_Exercise details_.
Transcription, pictures excluded: write out the data below exactly.

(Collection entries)

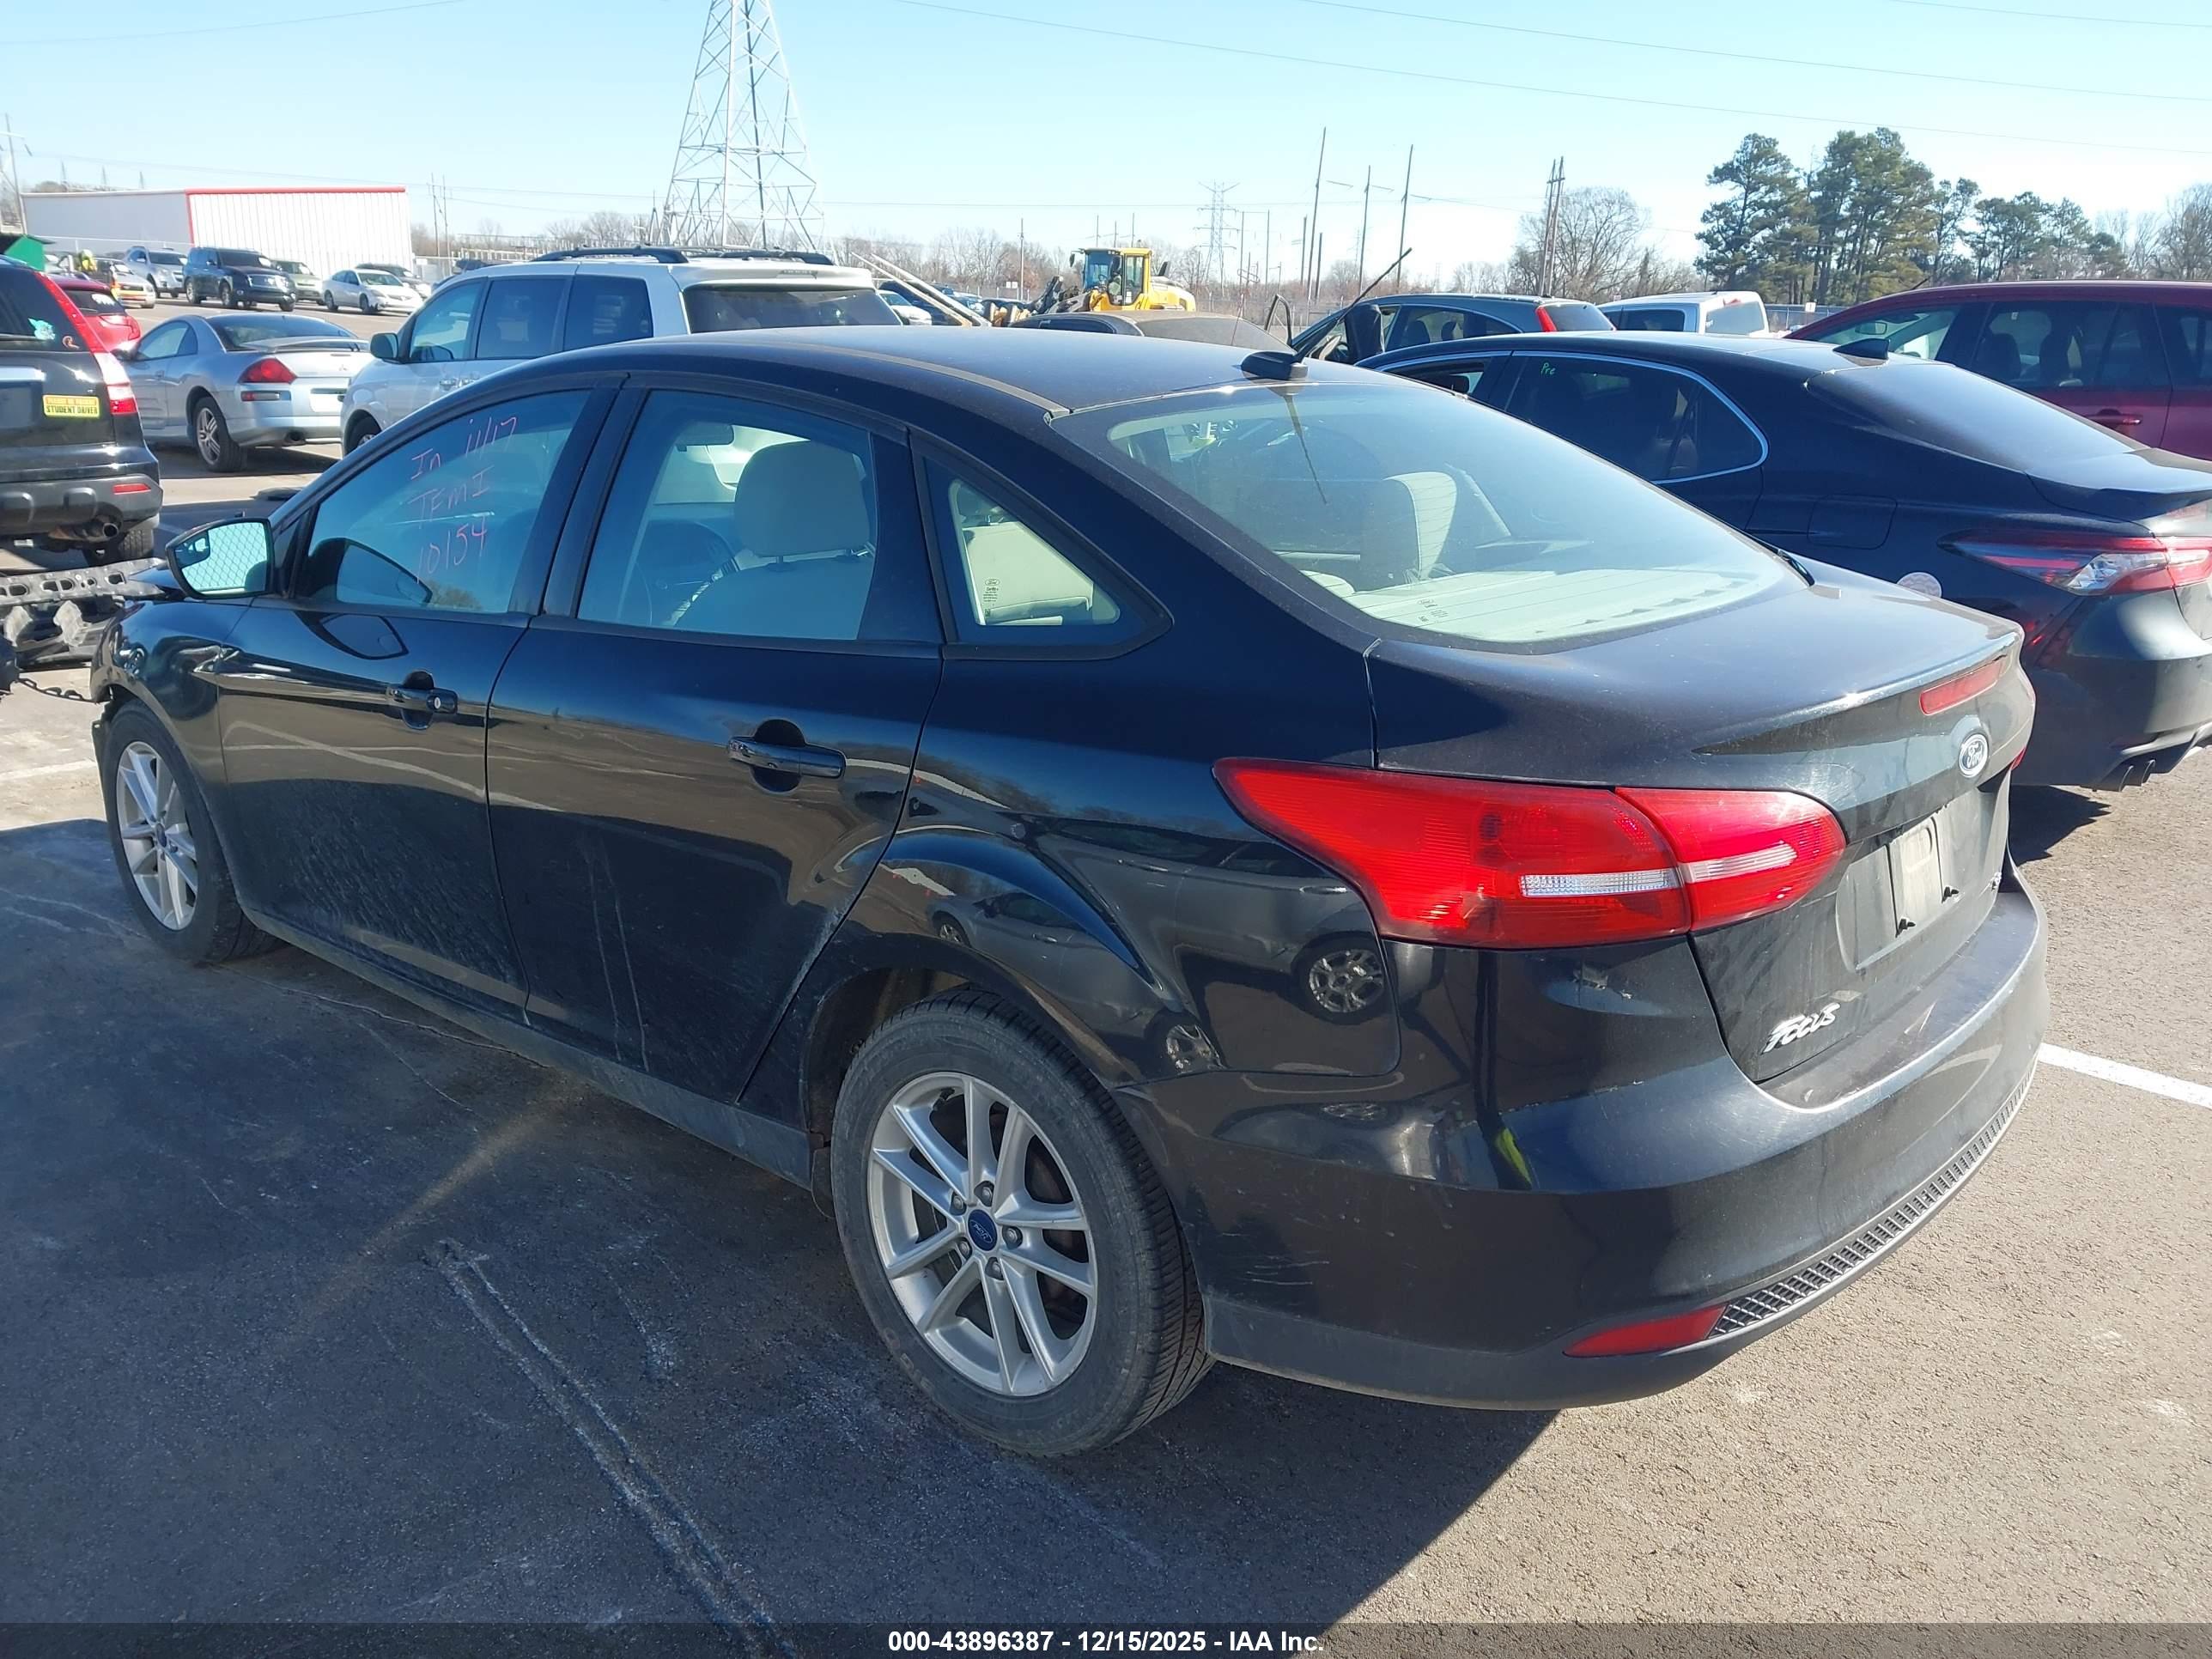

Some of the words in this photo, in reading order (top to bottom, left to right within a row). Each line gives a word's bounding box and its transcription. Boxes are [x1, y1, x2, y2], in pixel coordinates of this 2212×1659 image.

[1540, 362, 1557, 376] Pre
[46, 405, 76, 414] STUDENT
[77, 406, 98, 415] DRIVER
[415, 515, 488, 585] 10154
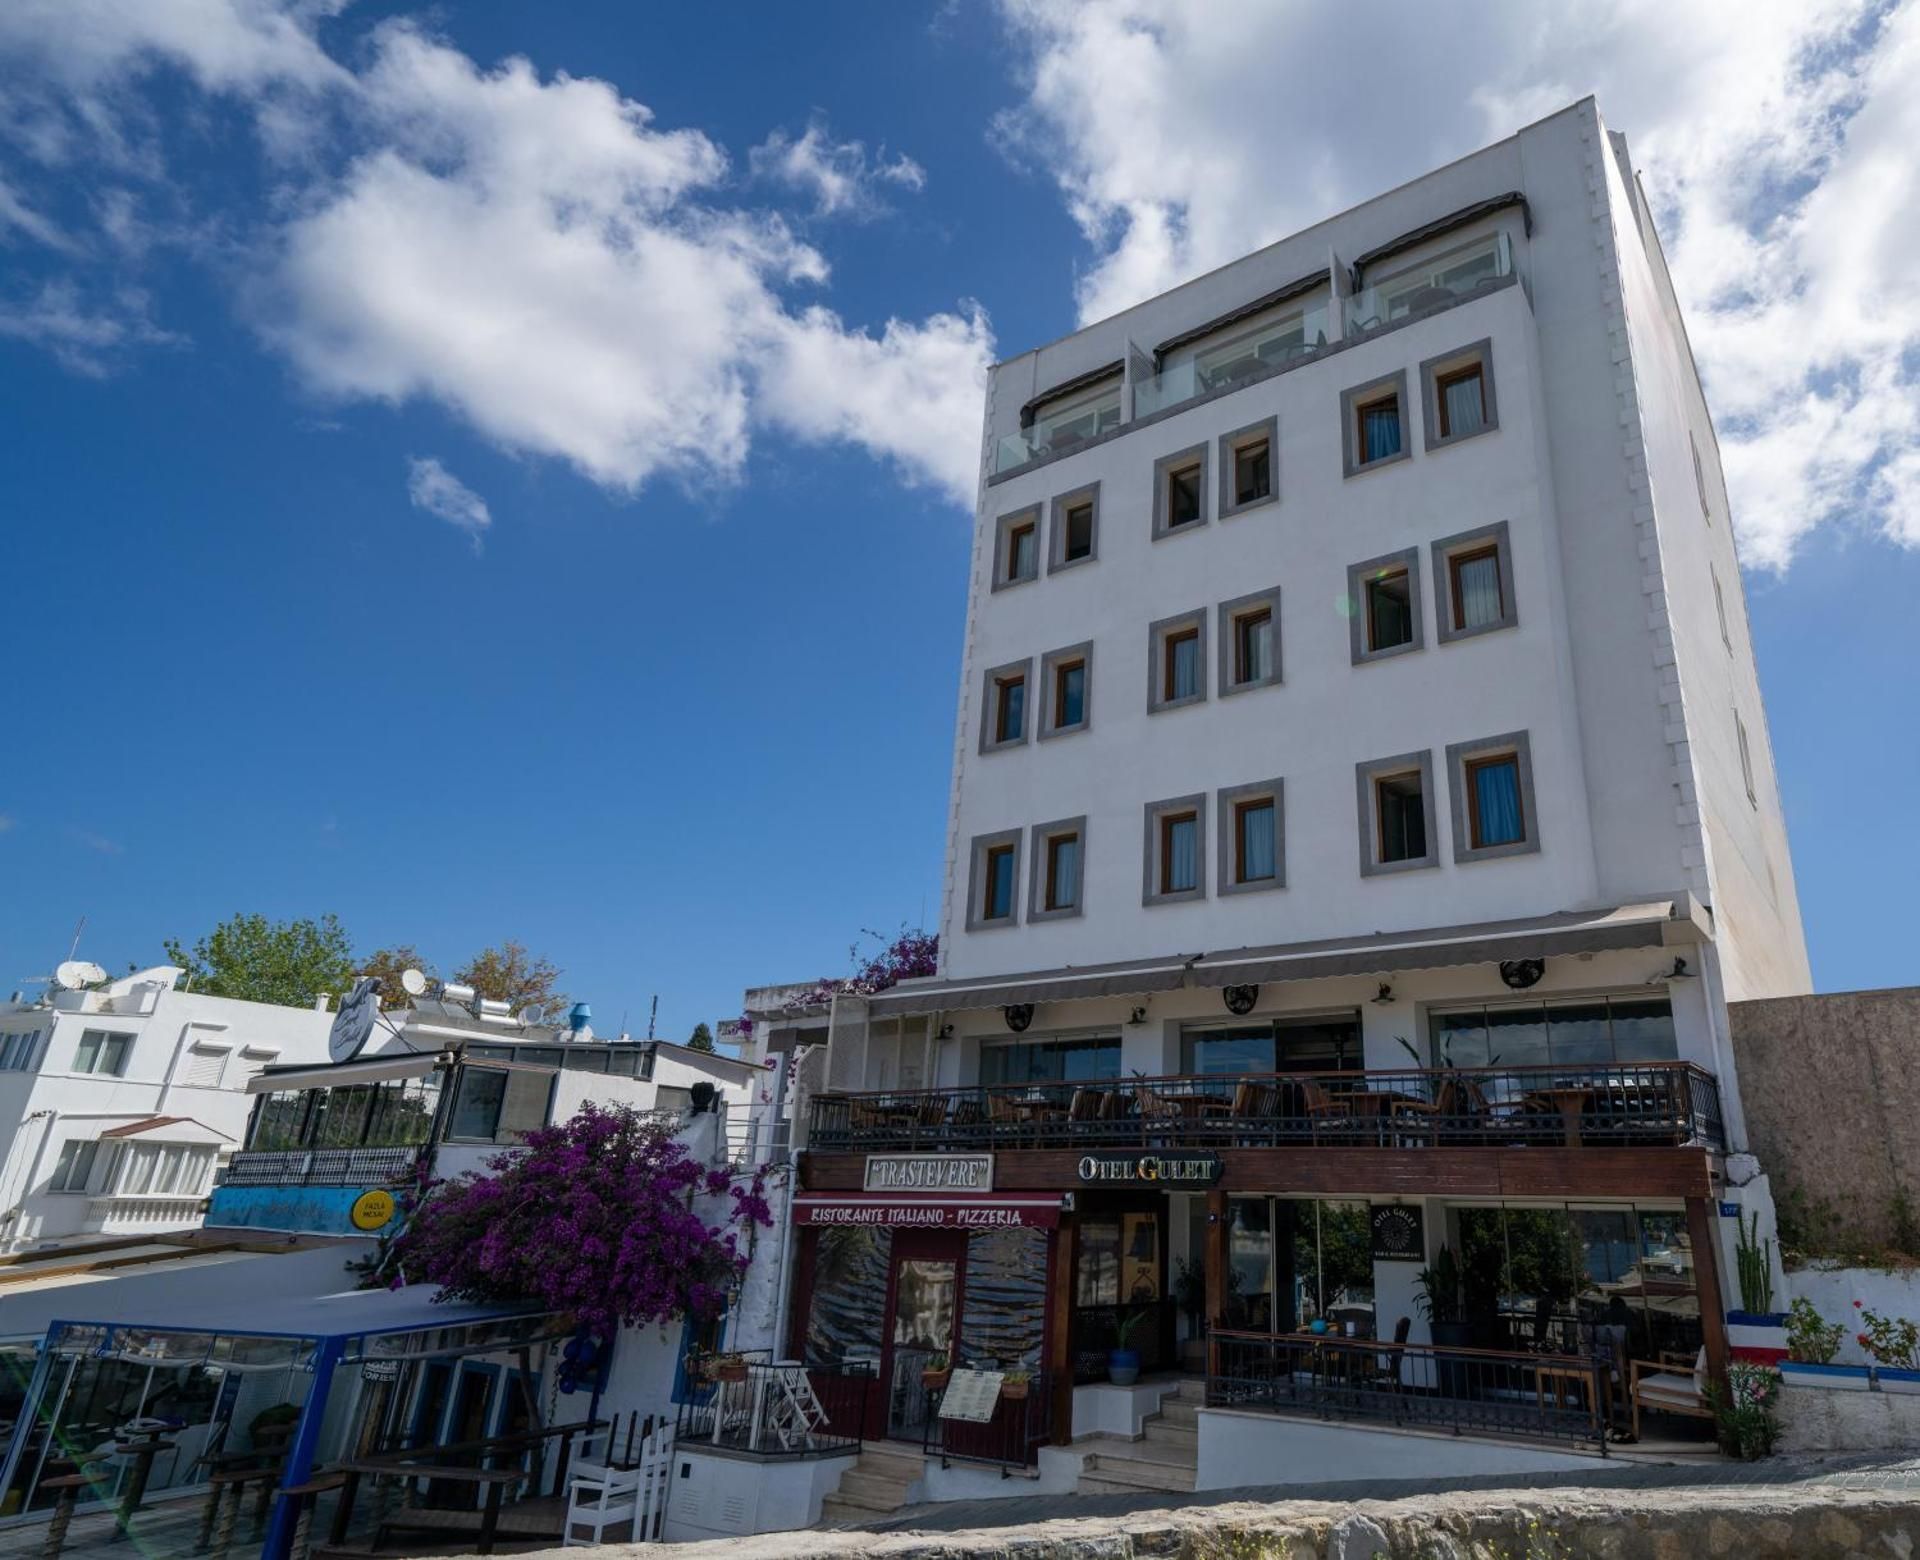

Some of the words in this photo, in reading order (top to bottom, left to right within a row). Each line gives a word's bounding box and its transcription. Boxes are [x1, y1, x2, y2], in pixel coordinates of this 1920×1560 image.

_Task response_.
Some of the words in this photo, in reading order (top to bottom, left to right within a row). Each line gives a word's bounding box and its transcription. Boxes are [x1, y1, x2, y2], in pixel coordinates of this 2212×1659 image.

[1540, 362, 1557, 376] Pre
[46, 405, 76, 414] STUDENT
[77, 406, 98, 415] DRIVER
[415, 515, 488, 585] 10154

Some of the words in this photo, in reading order (top to bottom, left to right within a row). Each line gives a word's bounding box and its transcription. Boxes are [x1, y1, x2, y2], in pixel coordinates of this 1920×1560 image.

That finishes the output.